Required action> Each record must be written out again exactly. Skip any picture it contains.

Task input>
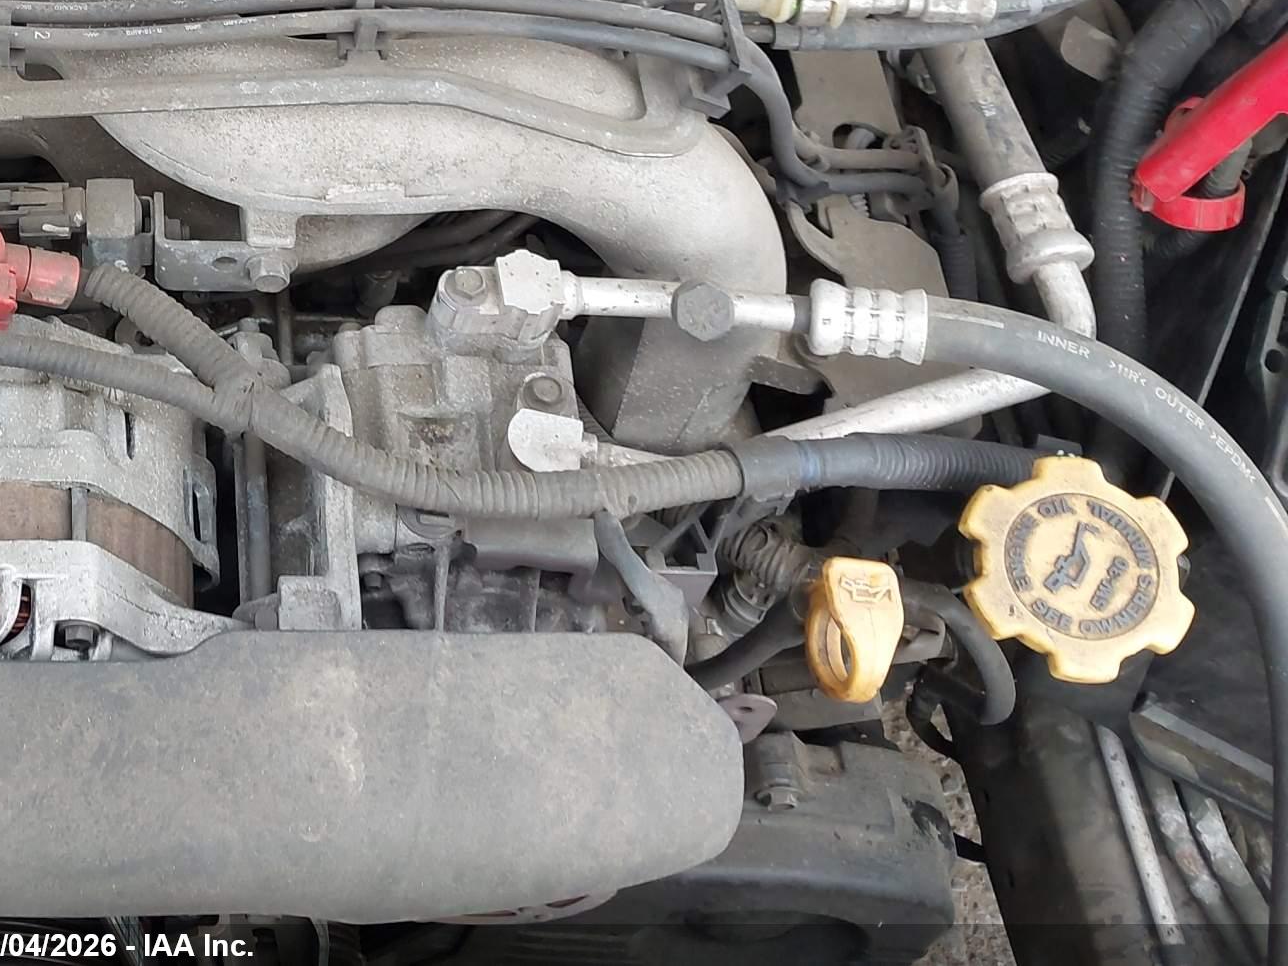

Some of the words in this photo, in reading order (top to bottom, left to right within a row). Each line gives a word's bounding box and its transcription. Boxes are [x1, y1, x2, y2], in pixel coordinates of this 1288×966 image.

[1038, 330, 1090, 359] INNER
[1155, 386, 1205, 431] OUTER
[1005, 514, 1037, 593] ENGINE
[1038, 497, 1077, 520] OIL
[1031, 599, 1073, 633] SEE
[1087, 500, 1153, 569] MANUAL
[1090, 555, 1130, 612] 5W-30

Answer to the problem>
Some of the words in this photo, in reading order (top to bottom, left to right within a row). Each line gives a word's bounding box and its transcription. Boxes are [x1, y1, x2, y2], in pixel coordinates of this 1288×966 image.

[1038, 330, 1090, 359] INNER
[1155, 386, 1205, 431] OUTER
[1005, 514, 1037, 593] ENGINE
[1038, 497, 1077, 520] OIL
[1031, 599, 1073, 633] SEE
[1087, 500, 1153, 569] MANUAL
[1090, 555, 1130, 612] 5W-30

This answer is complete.